About four weeks after we had entered Sennelager permission was extended to those who felt so disposed to enjoy the luxury of an open-air bath. Seeing that we never had the chance of more than a wash in the bucket at the pump, and were in urgent need of a dip, we accepted the offer with alacrity. We were escorted under strong guard to a stream some distance from the barracks and were given a quarter of an hour for our pleasure. We hurriedly tore off our clothes and took advantage of every minute to have a roaring joyous time in the water. Thoroughly refreshed we were marched back to camp and told off to our various duties.
By this time every man in the camp had been assigned to some particular task. Major Bach did not encourage idleness; it only fomented brooding and moping over our position, was his argument. But he was also a staunch believer in forced labour, which was quite a different thing.

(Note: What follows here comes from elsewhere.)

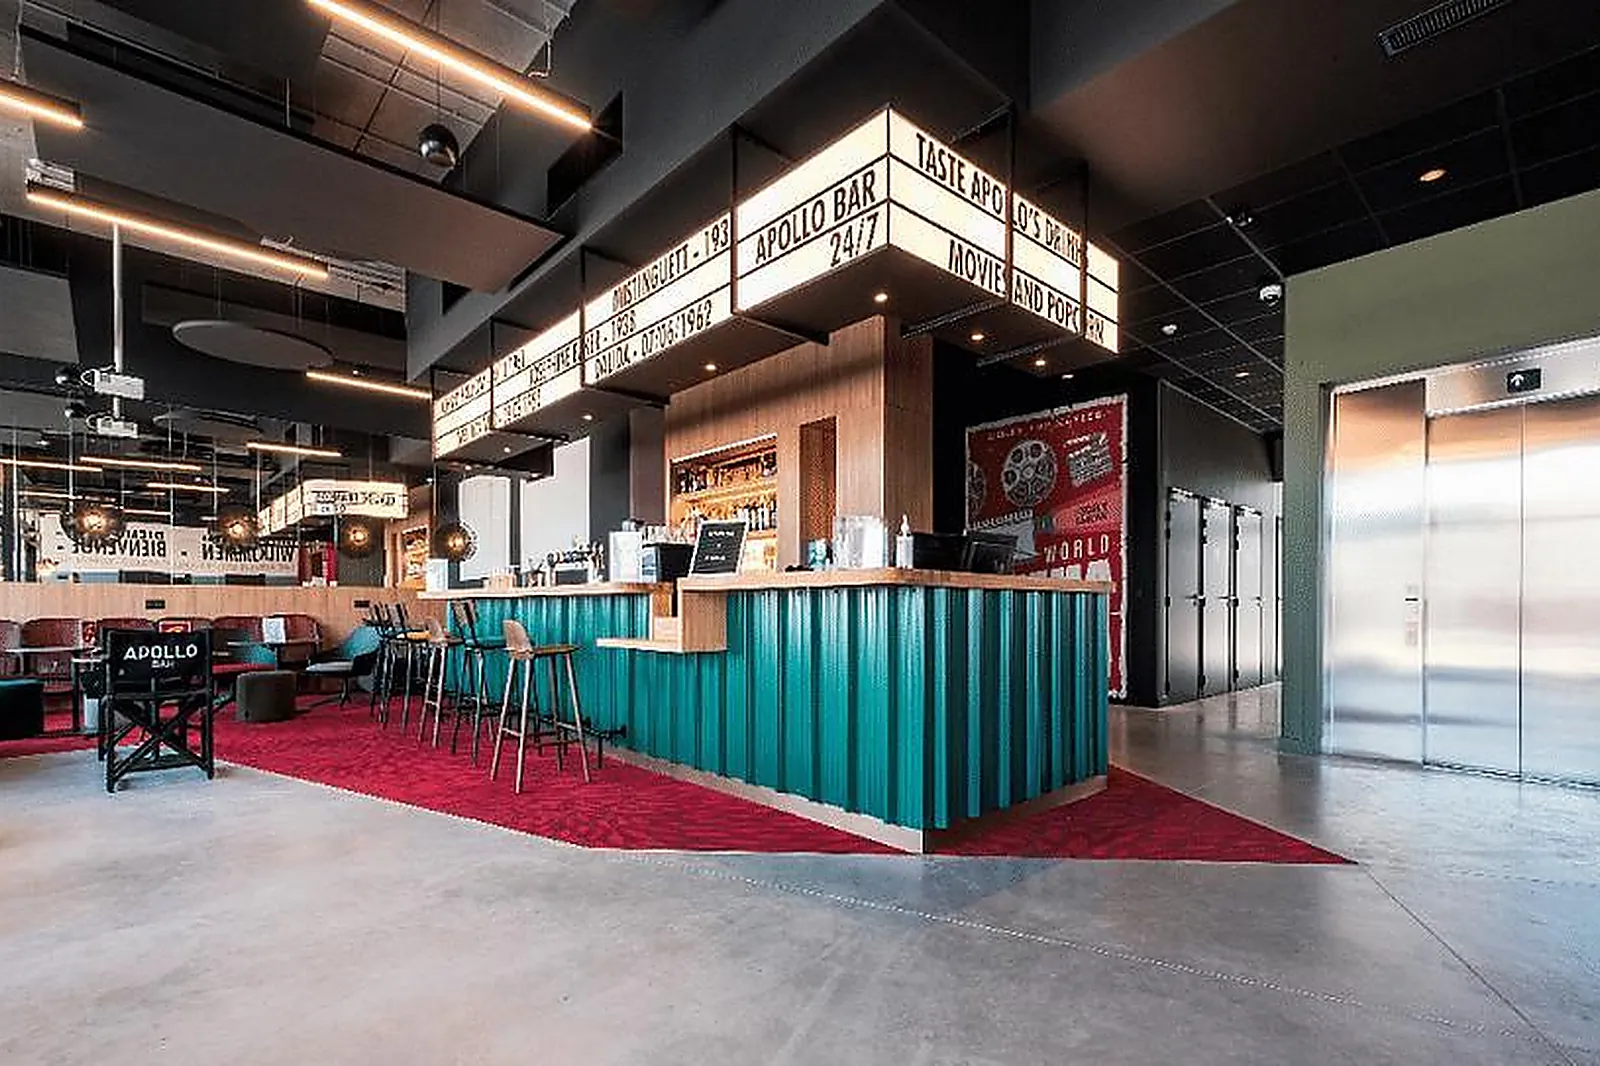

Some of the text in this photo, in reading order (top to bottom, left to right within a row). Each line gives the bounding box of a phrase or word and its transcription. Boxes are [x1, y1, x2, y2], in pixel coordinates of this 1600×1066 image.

Consequently we found ourselves condemned to some of the most filthy tasks conceivable. Incidentally, however, these duties only served to reveal still more convincingly the hollowness of Germany’s preachings concerning the principles of health and hygiene to the whole world while herself practising the diametrically opposite. We were commanded to clean out the military hospital.
Now, if there is one building among others in which one would expect to discover scrupulous cleanliness it is a hospital, but this accommodation provided for the German recruits was in an indescribably filthy condition. The conveniences for the patients were in a deplorable state. They had neither been disinfected nor cleaned for months. Faecal matter and other filth had been left to dry, harden and adhere with the tenacity of glue to the surfaces. Its removal not only taxed our strength to the supreme degree, but our endurance as well. The stench was suffocating and nauseating. Even the foul aroma of the strong cheap German tobacco which we were able to purchase at the canteen and to smoke while at this task, if our sentry were genial, failed to smother the more powerful and penetrating foul vapours which arose directly water was applied.
We were also assigned to the repugnant duty of cleaning out the latrines, which were of the most primitive character, and which coincided with the facilities which one might anticipate among savages but not in such a boasting civilised country as Germany. Both these duties were loathsome, but I am afraid no one engaged on the tasks would be able to express a conclusive opinion as to which was the worse.